Segment Start: Records to use

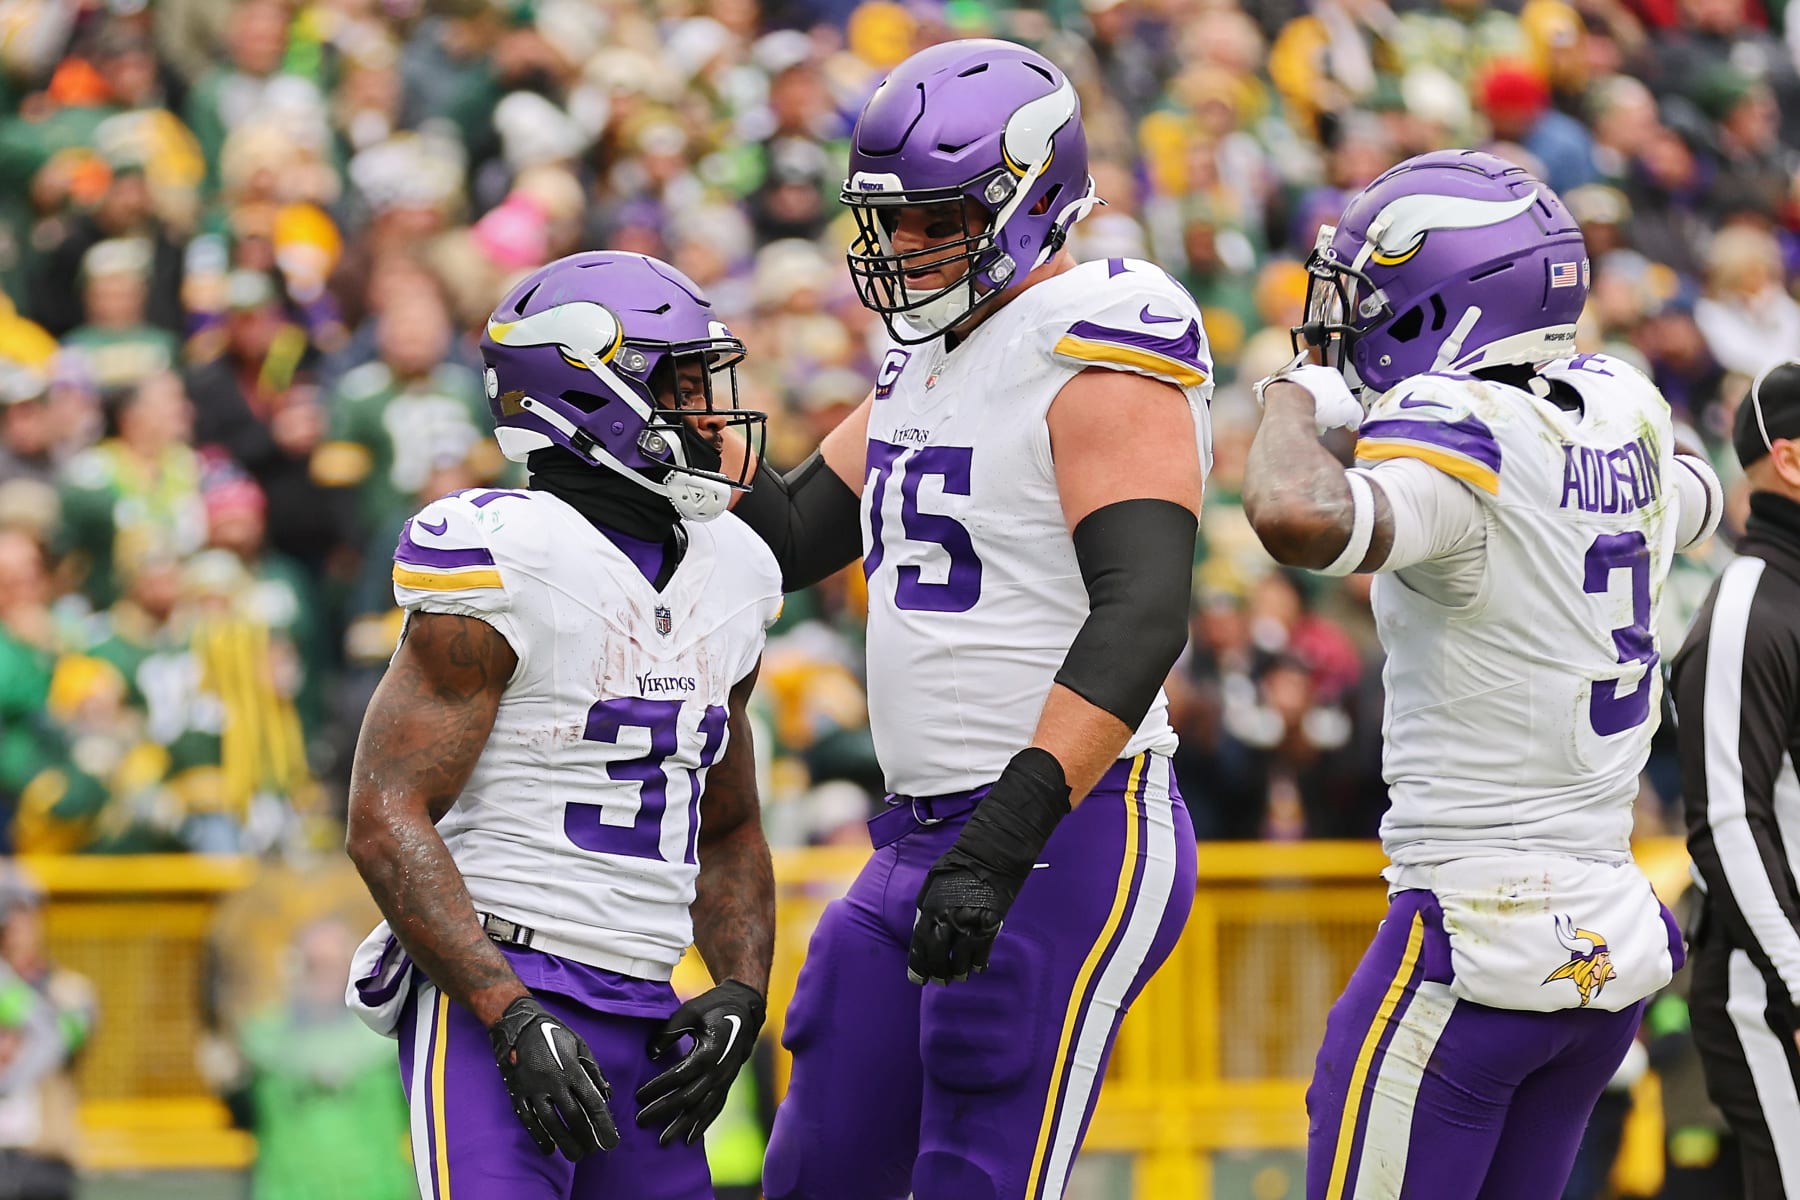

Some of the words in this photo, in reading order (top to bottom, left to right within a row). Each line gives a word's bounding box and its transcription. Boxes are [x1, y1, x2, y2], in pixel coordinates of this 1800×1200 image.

[878, 350, 907, 387] C
[864, 439, 982, 612] 75
[1583, 530, 1660, 737] 3
[564, 696, 728, 865] 31
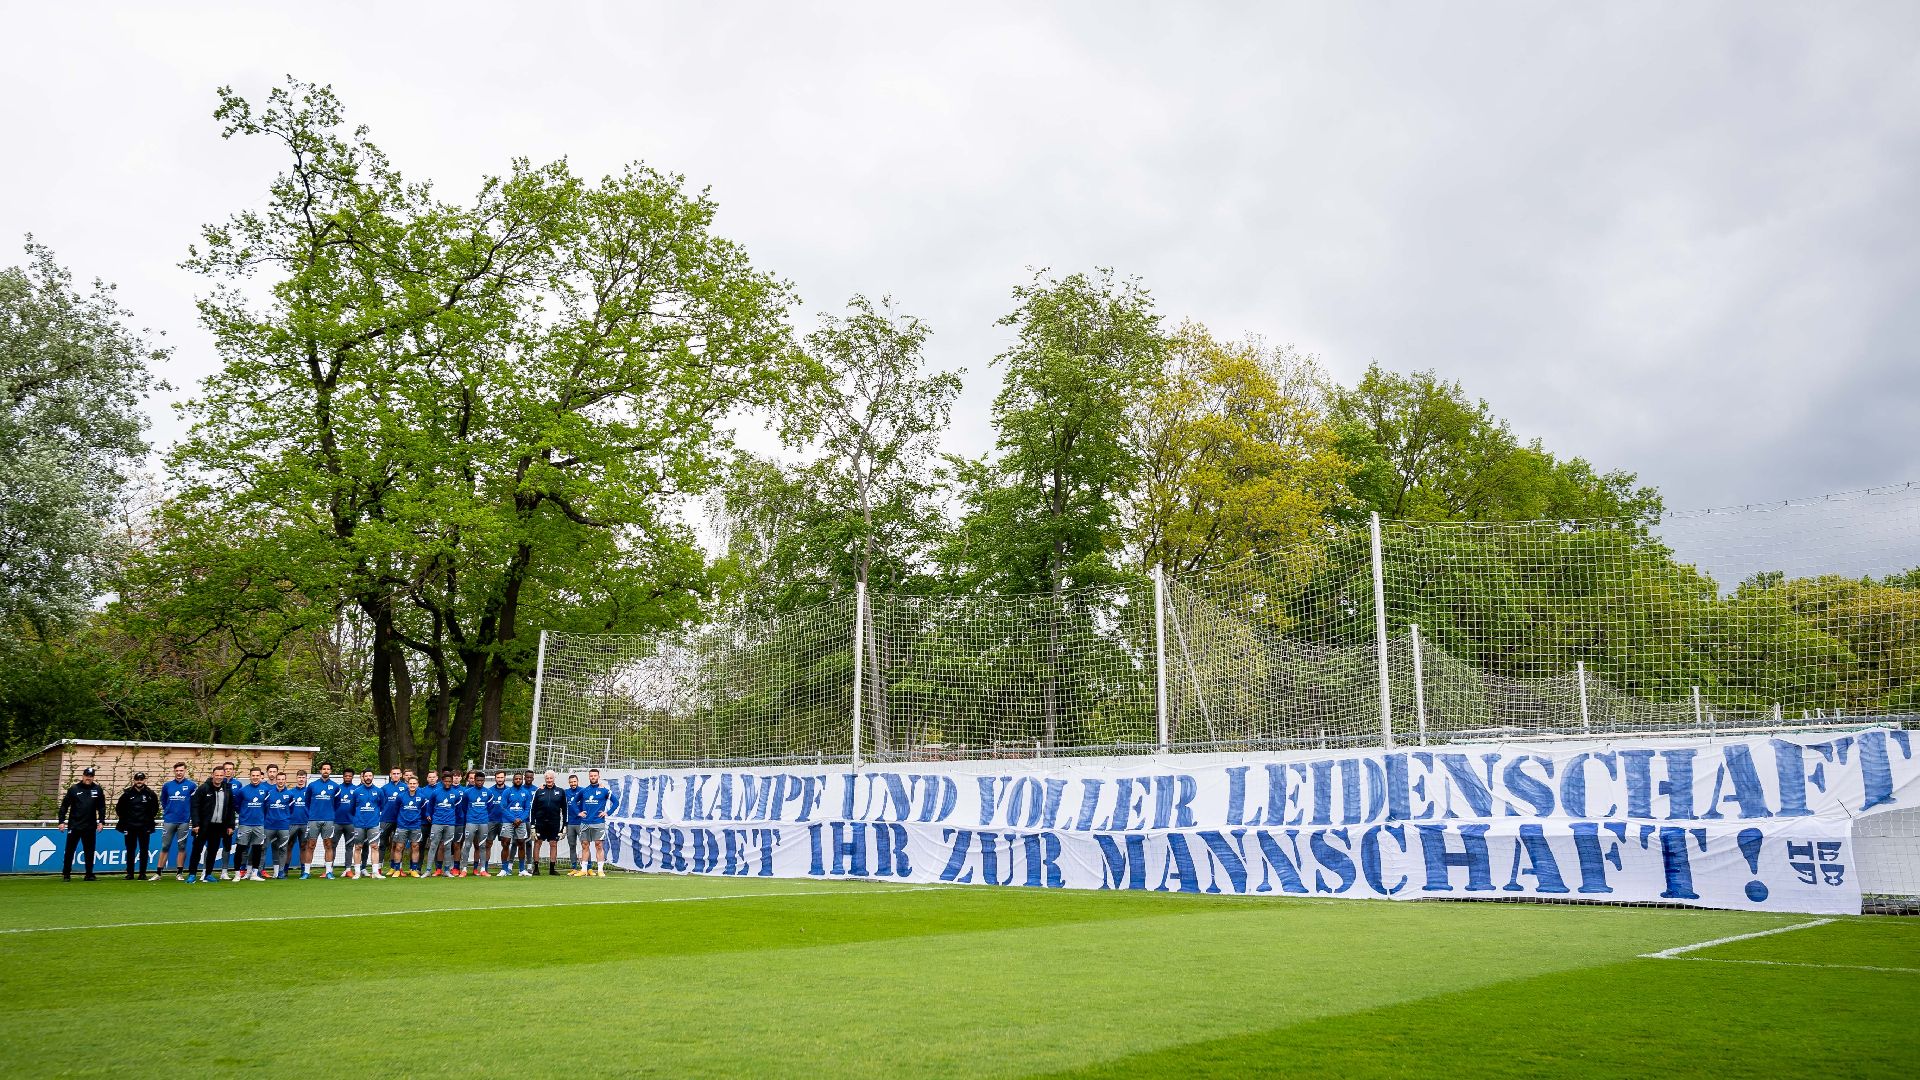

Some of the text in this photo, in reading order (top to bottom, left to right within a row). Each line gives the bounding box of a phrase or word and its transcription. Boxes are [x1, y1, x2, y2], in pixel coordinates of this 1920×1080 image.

[682, 773, 827, 822] KAMPF
[841, 772, 957, 822] UND
[976, 774, 1198, 830] VOLLER
[1225, 730, 1912, 826] LEIDENSCHAFT
[63, 849, 159, 865] OMEDY
[808, 821, 913, 878] IHR
[939, 828, 1066, 889] ZUR
[1093, 822, 1707, 899] MANNSCHAFT
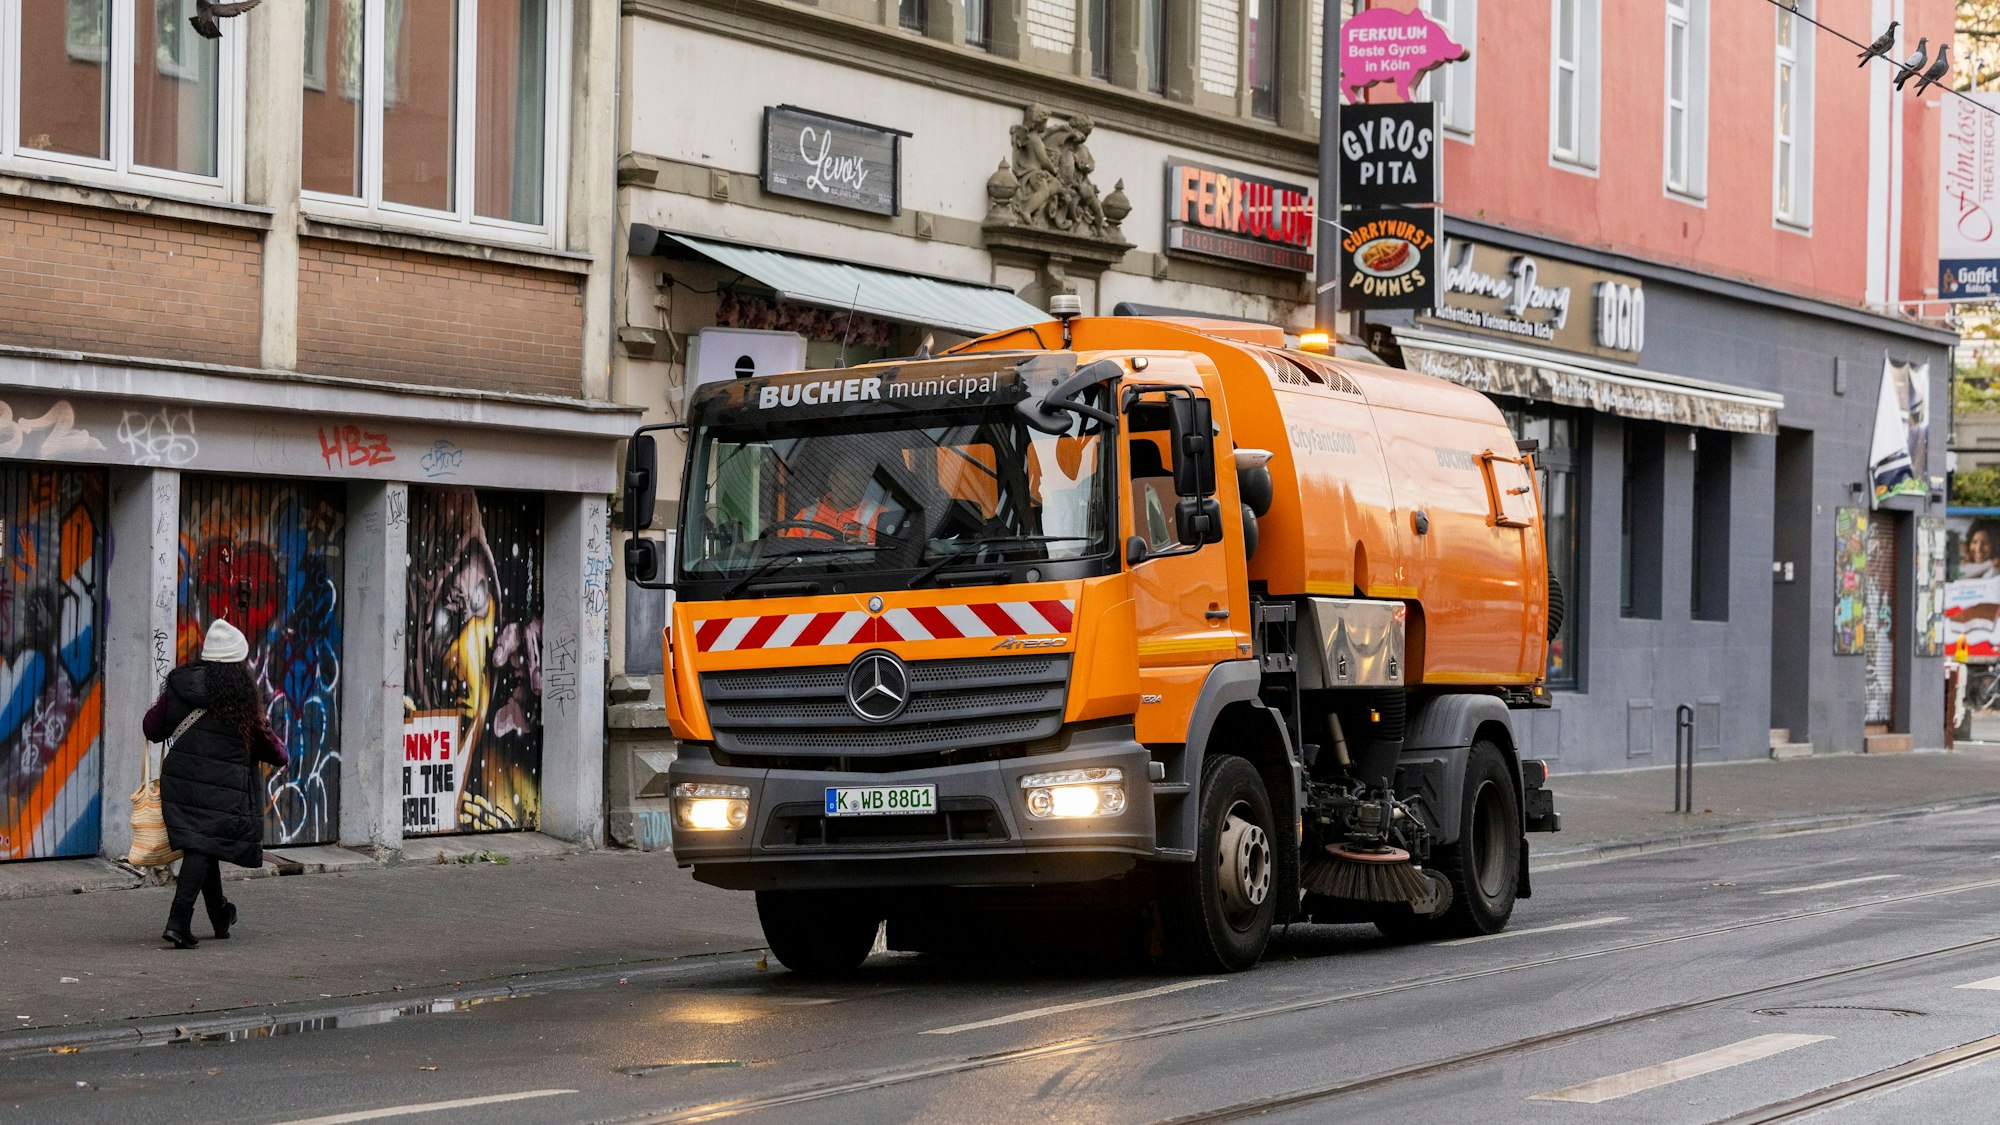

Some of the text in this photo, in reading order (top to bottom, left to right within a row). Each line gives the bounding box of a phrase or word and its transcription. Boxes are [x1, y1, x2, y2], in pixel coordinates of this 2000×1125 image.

[1348, 26, 1428, 42] FERKULUM
[1348, 43, 1428, 59] Beste Gyros
[1365, 59, 1411, 72] in Köln
[1342, 117, 1433, 162] GYROS
[800, 126, 869, 194] Levo's
[1359, 160, 1418, 185] PITA
[1180, 165, 1314, 248] FERKULUM
[1342, 219, 1434, 254] CURRYWURST
[1349, 268, 1427, 297] POMMES
[1443, 238, 1514, 300] adame
[1957, 266, 1999, 285] Gaffel
[758, 371, 998, 410] BUCHER municipal
[317, 424, 396, 472] HBZ
[1290, 423, 1357, 456] CityFant6000
[403, 729, 450, 761] NN'S
[420, 763, 454, 795] THE
[837, 788, 932, 809] K WB 8801

Segment End: Records to use

Required work >> Quote, without alteration, the final stretch of the entries: the line with "this 2000×1125 image." onward to the last line.

Answer section >>
Some of the text in this photo, in reading order (top to bottom, left to right within a row). Each line gives the bounding box of a phrase or word and its transcription. Boxes are [x1, y1, x2, y2], in pixel coordinates of this 2000×1125 image.

[1348, 26, 1428, 42] FERKULUM
[1348, 43, 1428, 59] Beste Gyros
[1365, 59, 1411, 72] in Köln
[1342, 117, 1433, 162] GYROS
[800, 126, 869, 194] Levo's
[1359, 160, 1418, 185] PITA
[1180, 165, 1314, 248] FERKULUM
[1342, 219, 1434, 254] CURRYWURST
[1349, 268, 1427, 297] POMMES
[1443, 238, 1514, 300] adame
[1957, 266, 1999, 285] Gaffel
[758, 371, 998, 410] BUCHER municipal
[317, 424, 396, 472] HBZ
[1290, 423, 1357, 456] CityFant6000
[403, 729, 450, 761] NN'S
[420, 763, 454, 795] THE
[837, 788, 932, 809] K WB 8801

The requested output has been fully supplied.